The elephant shark is a relic of a bygone age, sometimes called a living fossil, a creature alive today that has changed little since it first evolved hundreds of millions of years ago. But besides its prehistoric outward appearance—including the trunklike snout from which it gets its name—the elephant shark boasts a genome that is remarkably different from the genomes of most other living vertebrates.

Elephant sharks’ DNA hasn’t changed much in the 420 million years that bony fishes have been in existence, suggests a new analysis of the animal’s genome.

Callorhinchus milii is the first cartilaginous fish to have its genome fully sequenced. At 1 billion base pairs, the elephant shark has the smallest genetic code among sharks, rays and other similar fishes. A closer look at the animal’s genome suggests that the fish do not have many bones because they lack genes that switch on calcium-binding proteins, researchers report January 8 in Nature. They think these genes evolved after the elephant shark and its relatives split off from the other fishes that would eventually develop bones.

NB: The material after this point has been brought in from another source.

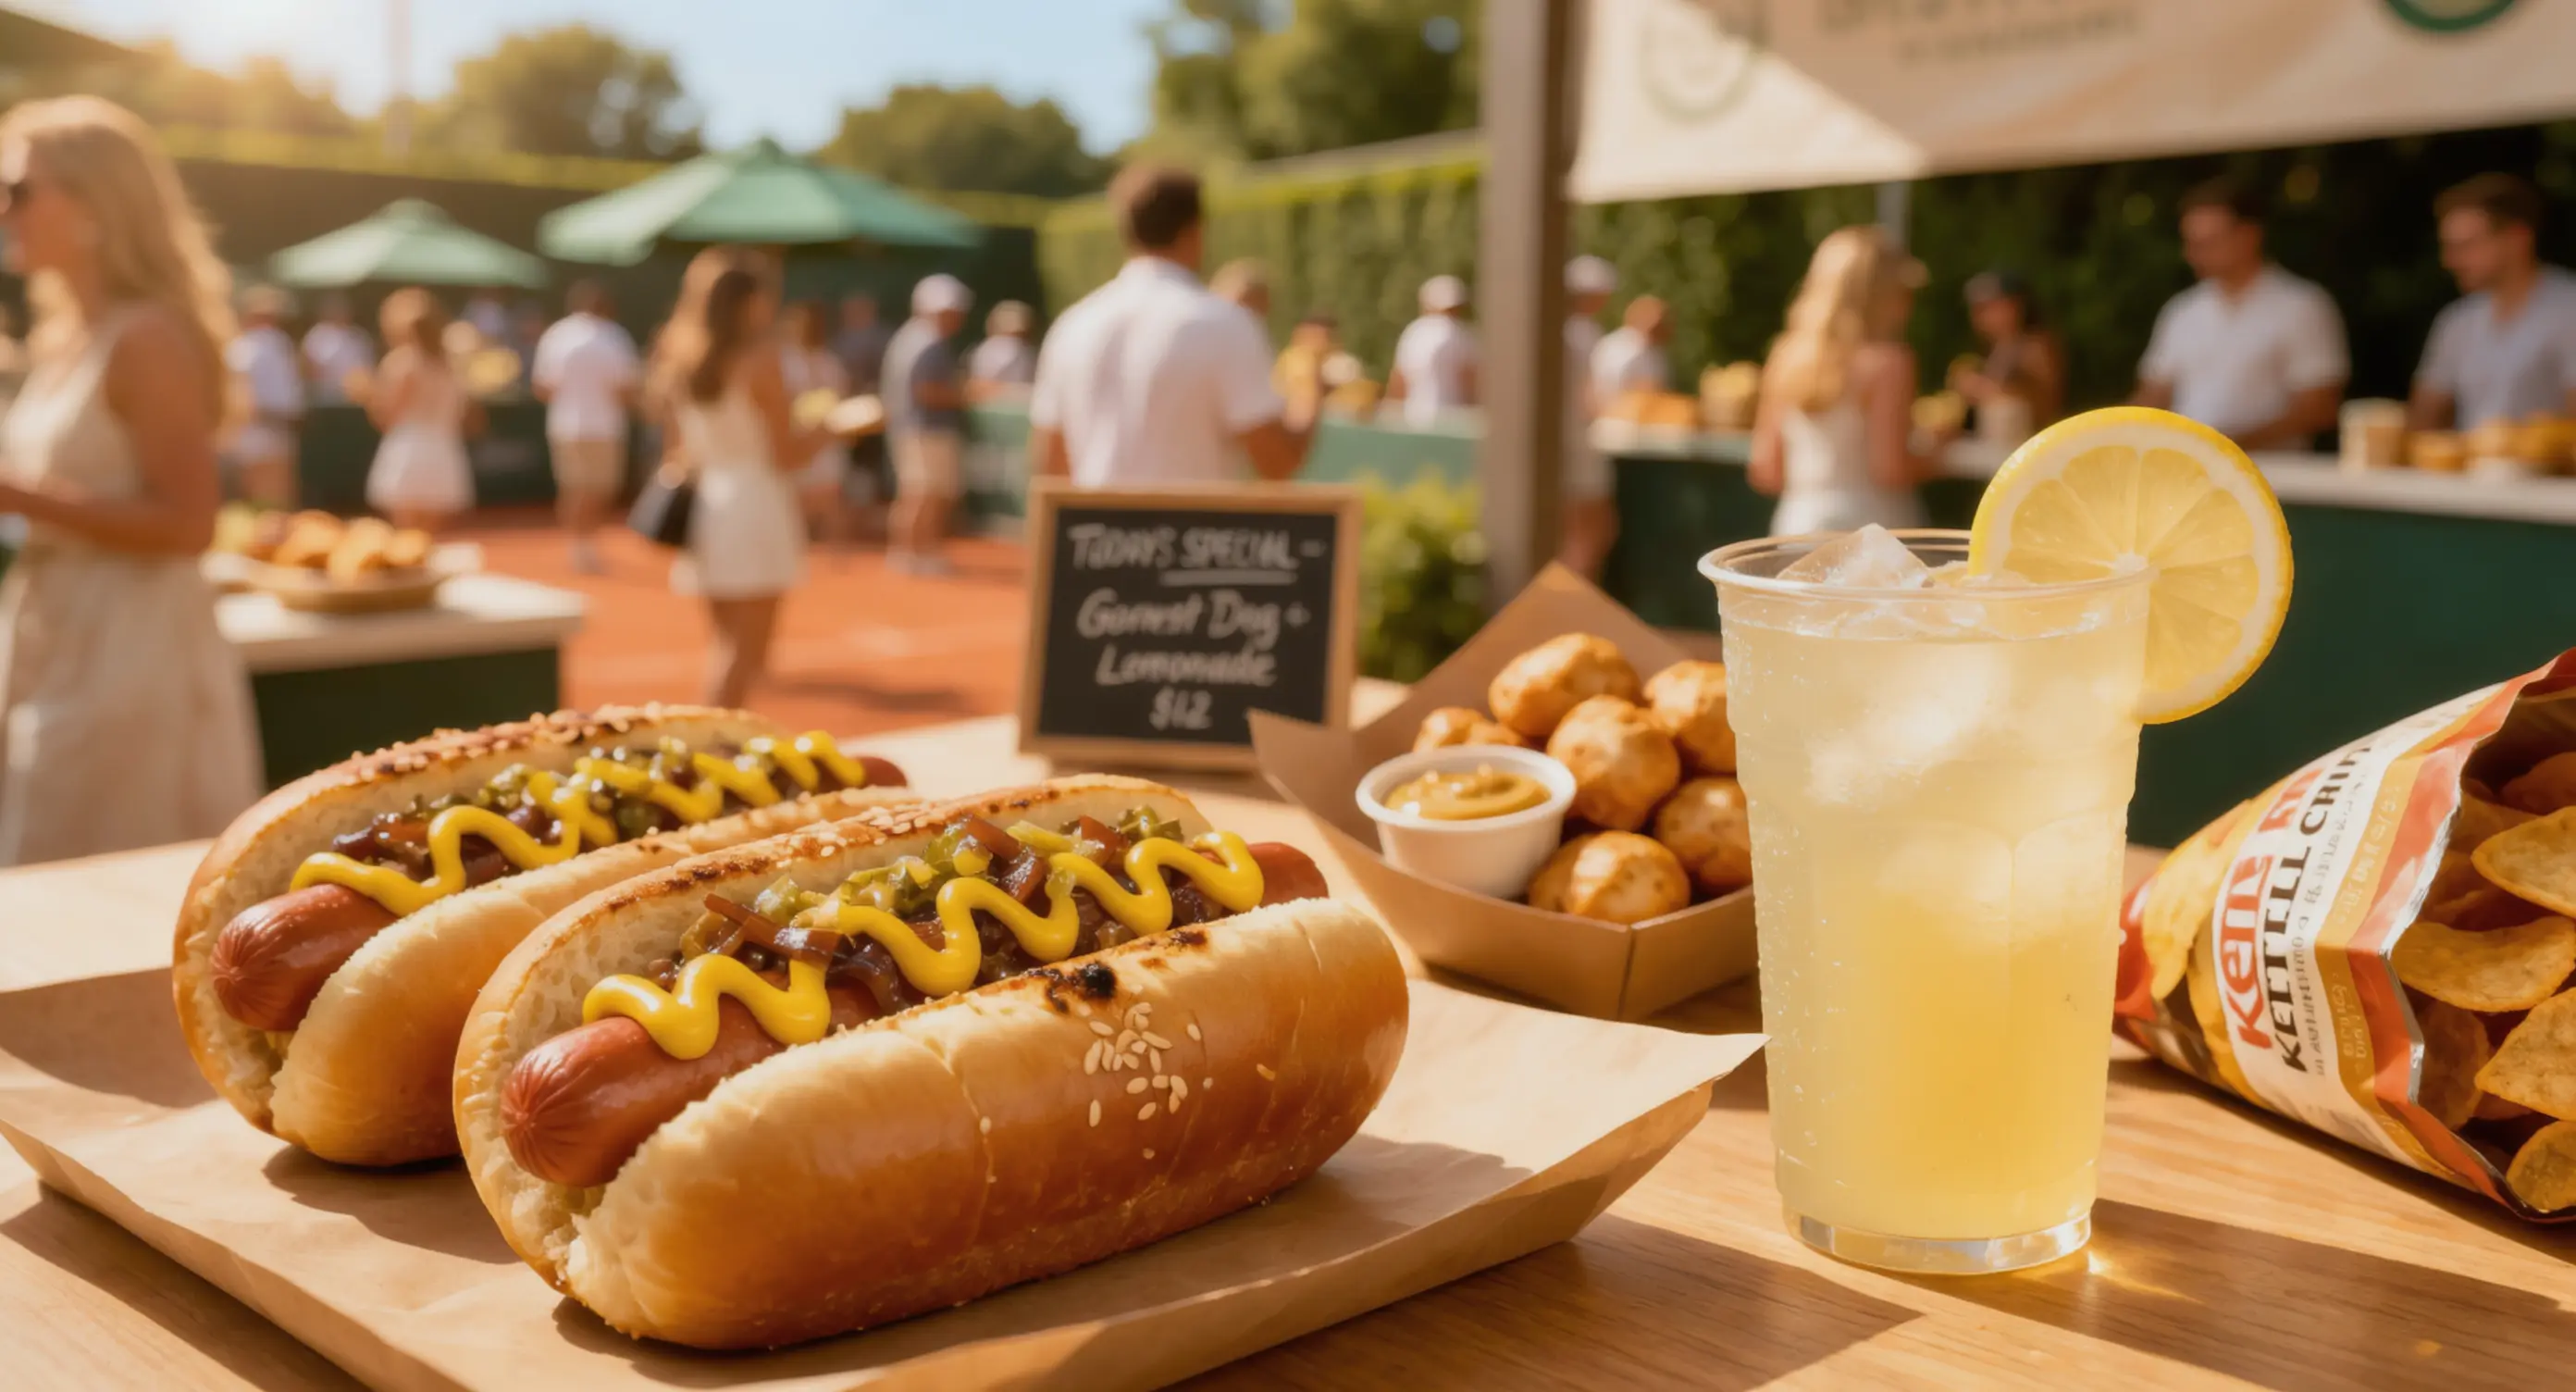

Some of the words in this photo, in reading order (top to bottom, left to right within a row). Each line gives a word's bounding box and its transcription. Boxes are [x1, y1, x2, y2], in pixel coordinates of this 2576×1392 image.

[1180, 526, 1300, 570] SPECIAL
[1207, 589, 1281, 650] Dog
[1148, 686, 1213, 731] $12

The elephant shark was named after its trunk-like mouth

Elephant sharks also lack a major component of the immune system called helper T cells. The discovery suggests that acquired immunity evolved in two steps — not one, as previously thought.

Because the elephant shark has changed so little from its original form—it is the slowest evolving of all known vertebrates, according to the study—this species offers a rare look into the evolutionary past.